• [INPUT DATA]
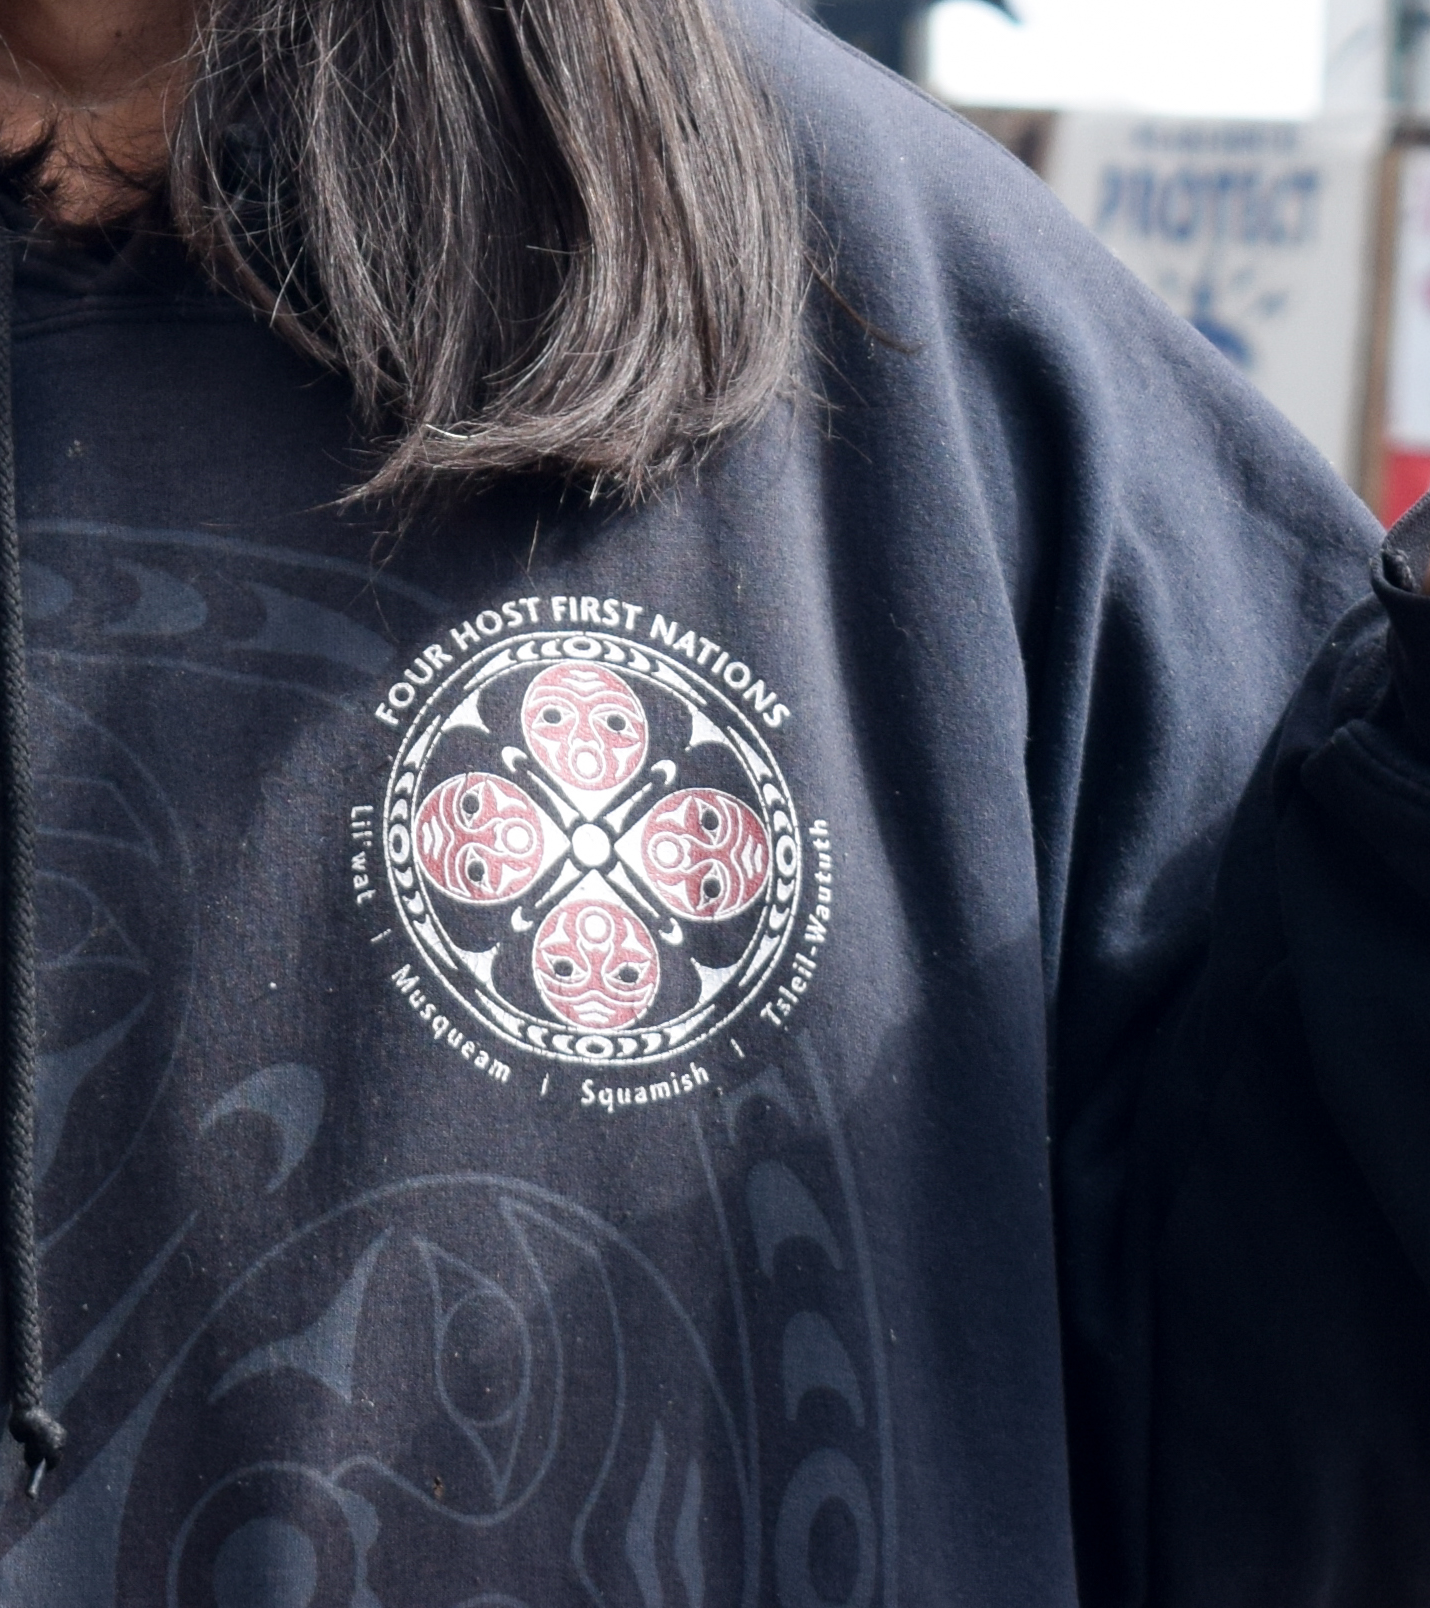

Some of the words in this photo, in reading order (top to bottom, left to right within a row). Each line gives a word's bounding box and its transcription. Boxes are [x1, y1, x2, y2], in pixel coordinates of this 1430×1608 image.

[374, 644, 452, 728] FOUR
[450, 596, 540, 651] HOST
[551, 595, 643, 631] FIRST
[649, 613, 790, 729] NATIONS
[391, 963, 512, 1083] Musqueam
[580, 1063, 710, 1113] Squamish
[760, 817, 832, 1029] Tsleil-Waututh
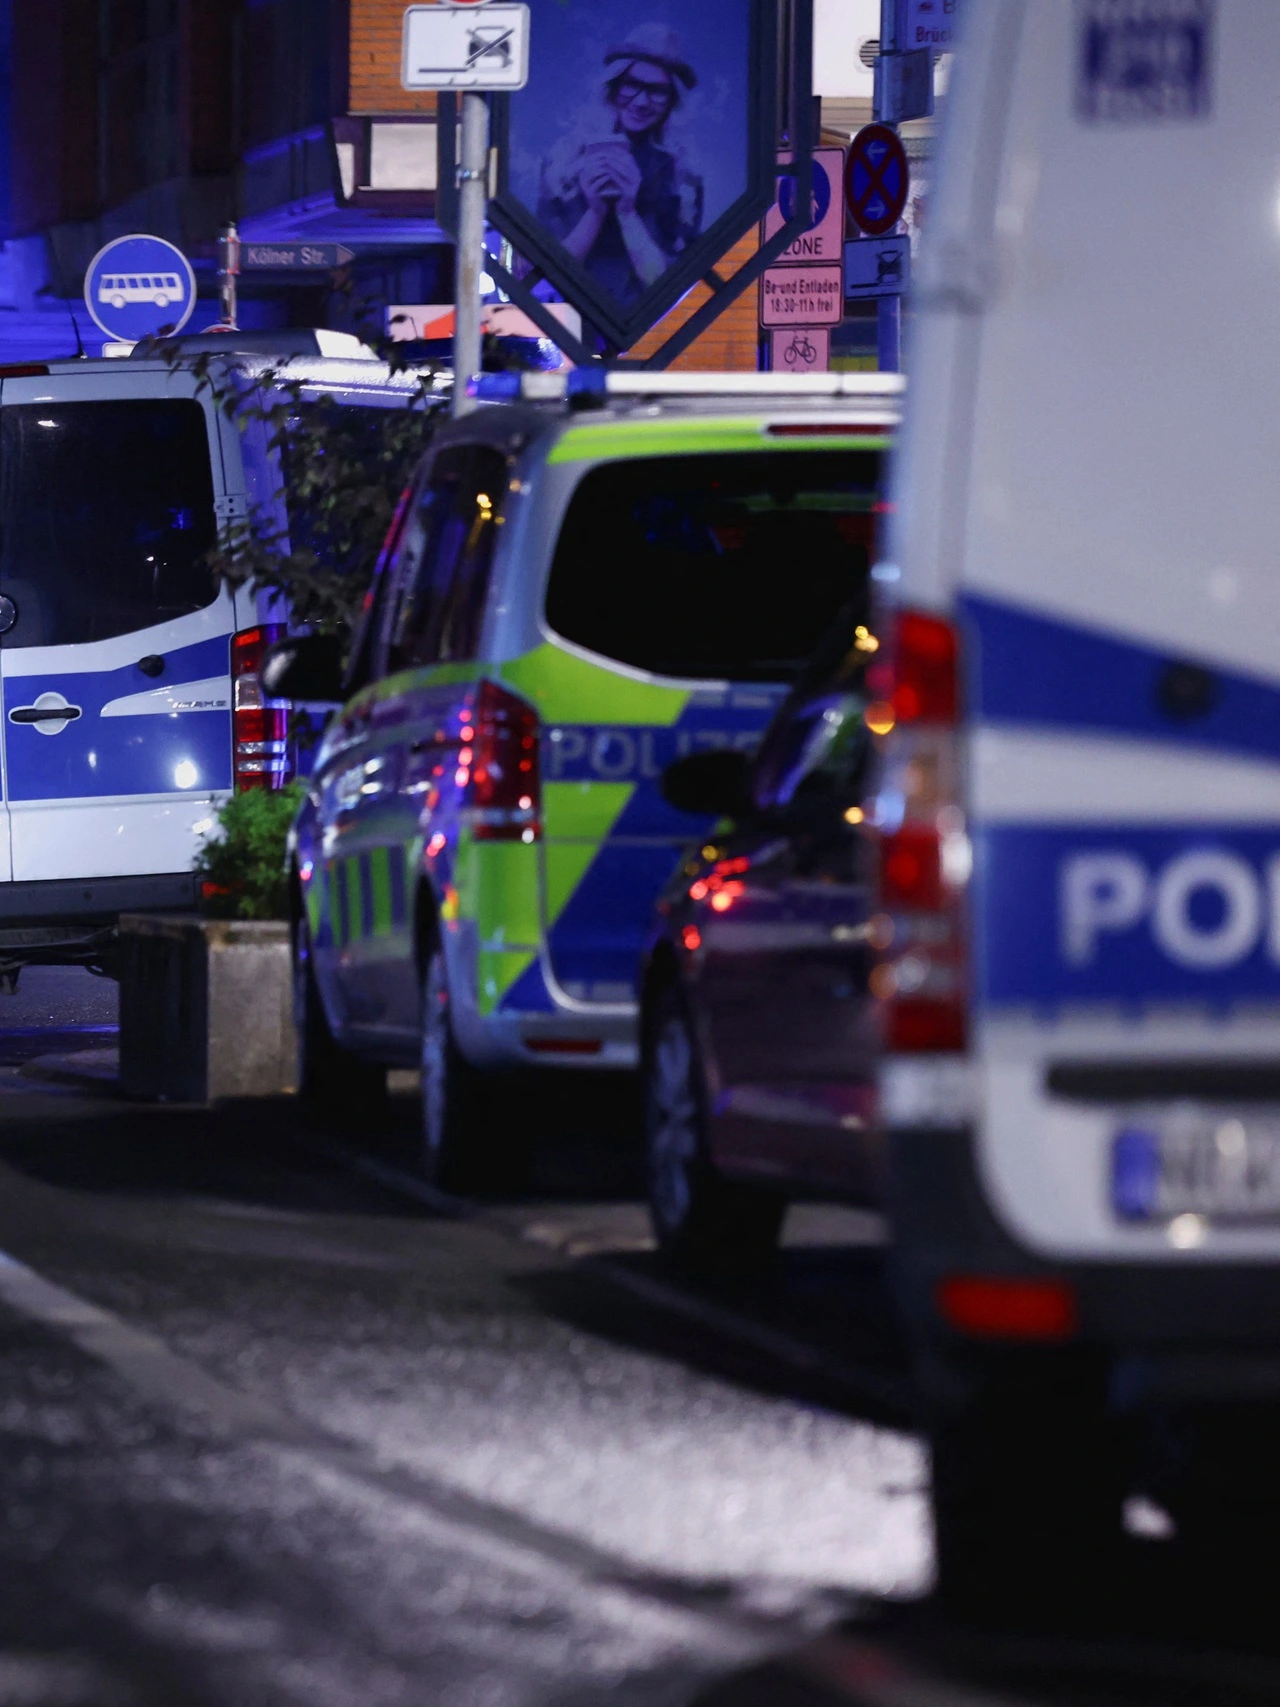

• [THE PROBLEM] Please return every record above exactly, but leave out the pictures.

• [ANSWER TO THIS TASK]
Some of the words in this photo, in reading order (top to bottom, left to right within a row). Each line gives a word's bounding box and its transcription. Boxes are [x1, y1, x2, y2], in pixel coordinates of this 1430×1608 image.

[374, 644, 452, 728] FOUR
[450, 596, 540, 651] HOST
[551, 595, 643, 631] FIRST
[649, 613, 790, 729] NATIONS
[391, 963, 512, 1083] Musqueam
[580, 1063, 710, 1113] Squamish
[760, 817, 832, 1029] Tsleil-Waututh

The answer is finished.